The Effects of Radiation and Dose-Fractionation on Cancer and Non-Tumor Disease Development
International Journal of Environmental Research and Public Health, 2012
The Janus series of radiation experiments, conducted from 1970 to 1992, explored the effects of gamma and neutron radiation on animal lifespan and disease development. Data from these experiments presents an opportunity to conduct a large scale analysis of both tumor and non-tumor disease development.

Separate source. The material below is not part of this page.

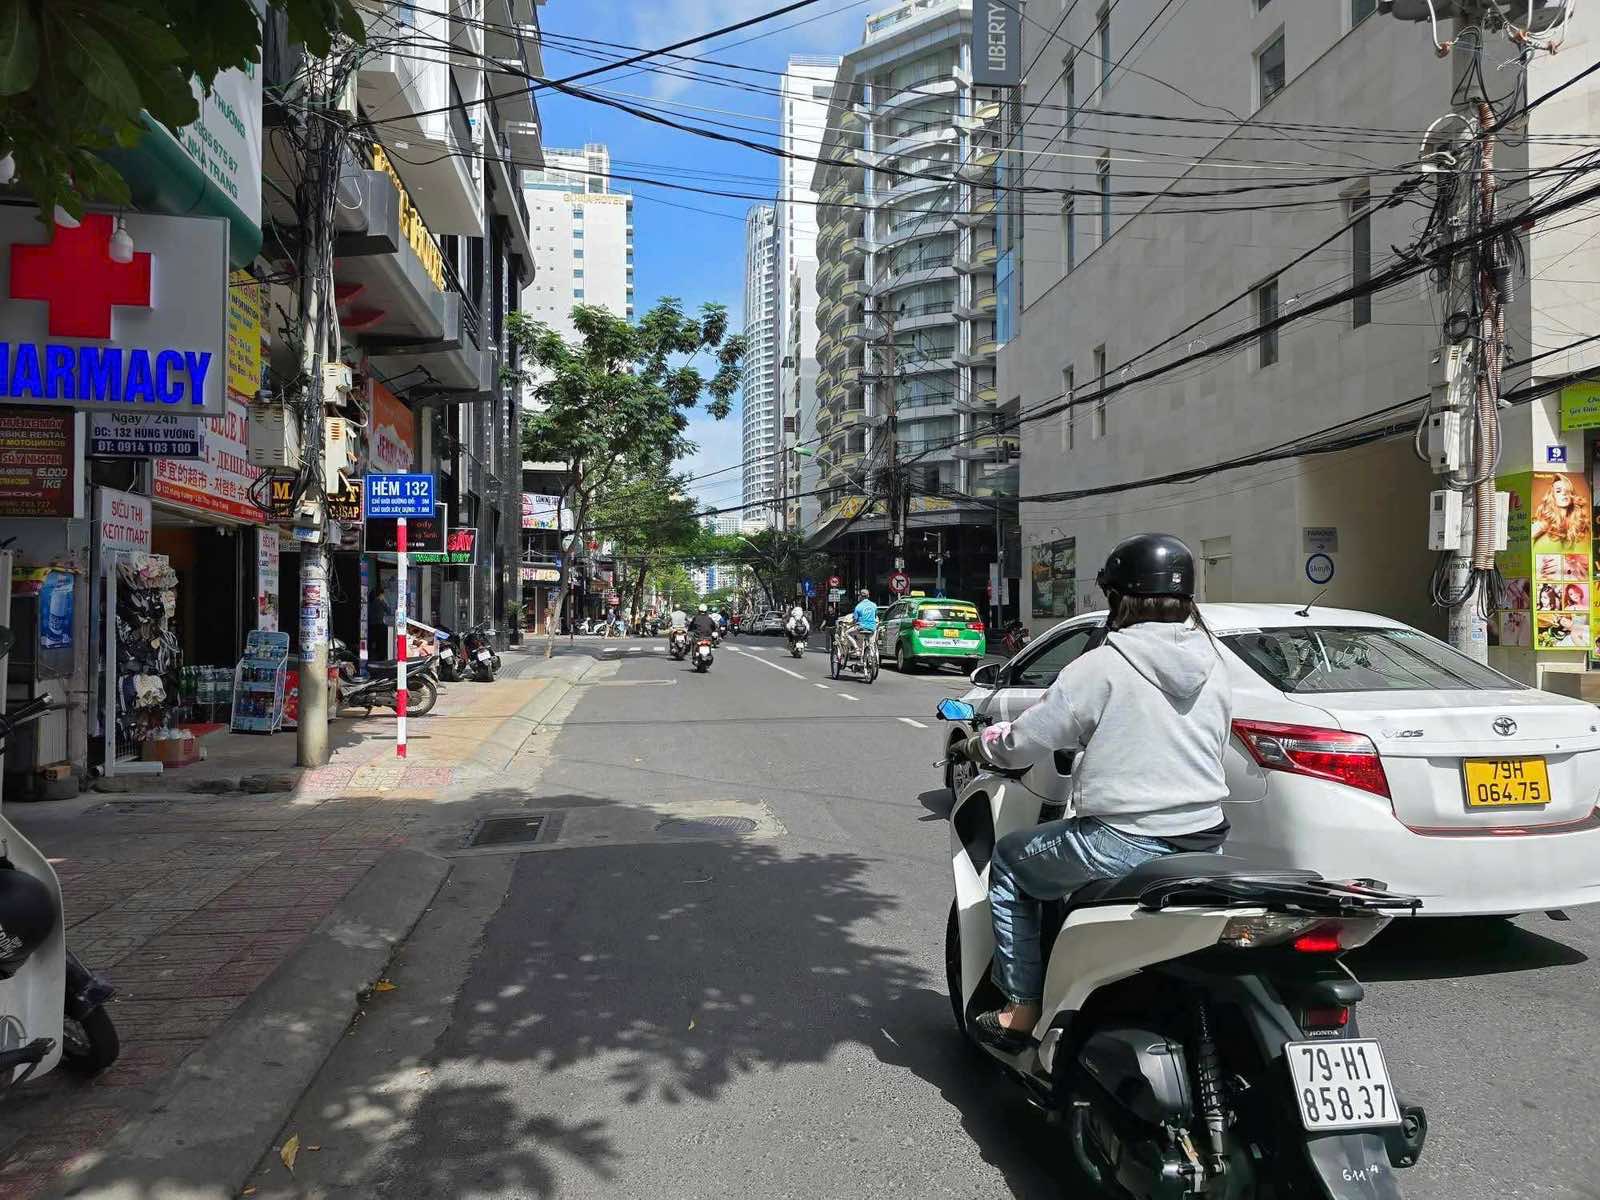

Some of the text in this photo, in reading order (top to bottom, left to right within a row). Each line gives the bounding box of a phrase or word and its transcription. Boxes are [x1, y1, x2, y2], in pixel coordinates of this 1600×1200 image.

This work was focused on a subset of animals from the Janus series of experiments, comparing acute or fractionated exposures of gamma or neutron radiation on the hazards associated with the development of tumor and non-tumor diseases of the liver, lung, kidney or vascular system. This study also examines how the co-occurrence of non-tumor diseases may affect tumor-associated hazards. While exposure to radiation increases the hazard of dying with tumor and non-tumor diseases, dose fractionation modulates these hazards, which varies across different organ systems. Finally, the effect that concurrent non-cancer diseases have on the hazard of dying with a tumor also differs by organ system. These results highlight the complexity in the effects of radiation on the liver, lung, kidney and vascular system.